(Dataset entries)
┄┄┄┄┄┄┄┄┄┄
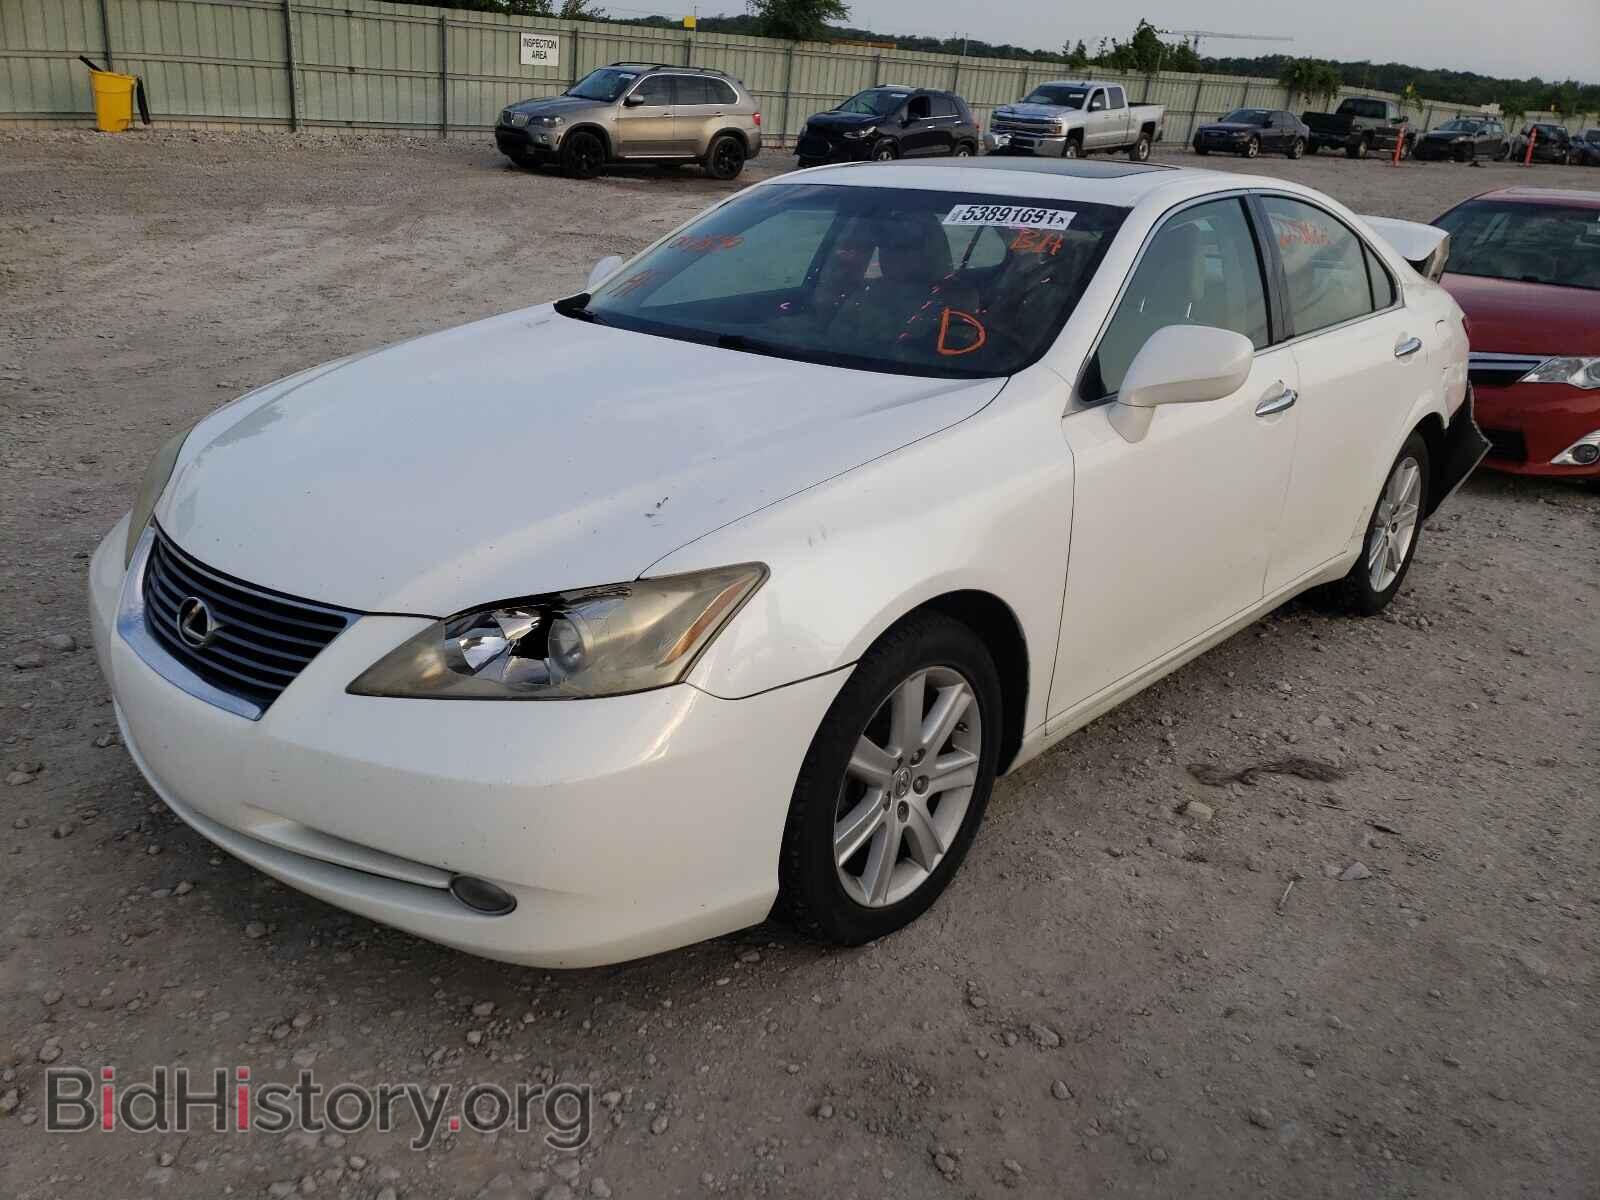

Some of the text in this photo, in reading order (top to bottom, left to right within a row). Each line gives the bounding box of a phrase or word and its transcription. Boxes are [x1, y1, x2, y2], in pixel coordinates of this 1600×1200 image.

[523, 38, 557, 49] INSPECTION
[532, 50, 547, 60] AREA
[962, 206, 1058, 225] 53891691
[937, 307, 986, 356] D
┄┄┄┄┄┄┄┄┄┄
[Problem statement] Excluding the images, return each record above precisely as written.

[Solution for this task]
Some of the text in this photo, in reading order (top to bottom, left to right within a row). Each line gives the bounding box of a phrase or word and its transcription. Boxes are [x1, y1, x2, y2], in pixel coordinates of this 1600×1200 image.

[523, 38, 557, 49] INSPECTION
[532, 50, 547, 60] AREA
[962, 206, 1058, 225] 53891691
[937, 307, 986, 356] D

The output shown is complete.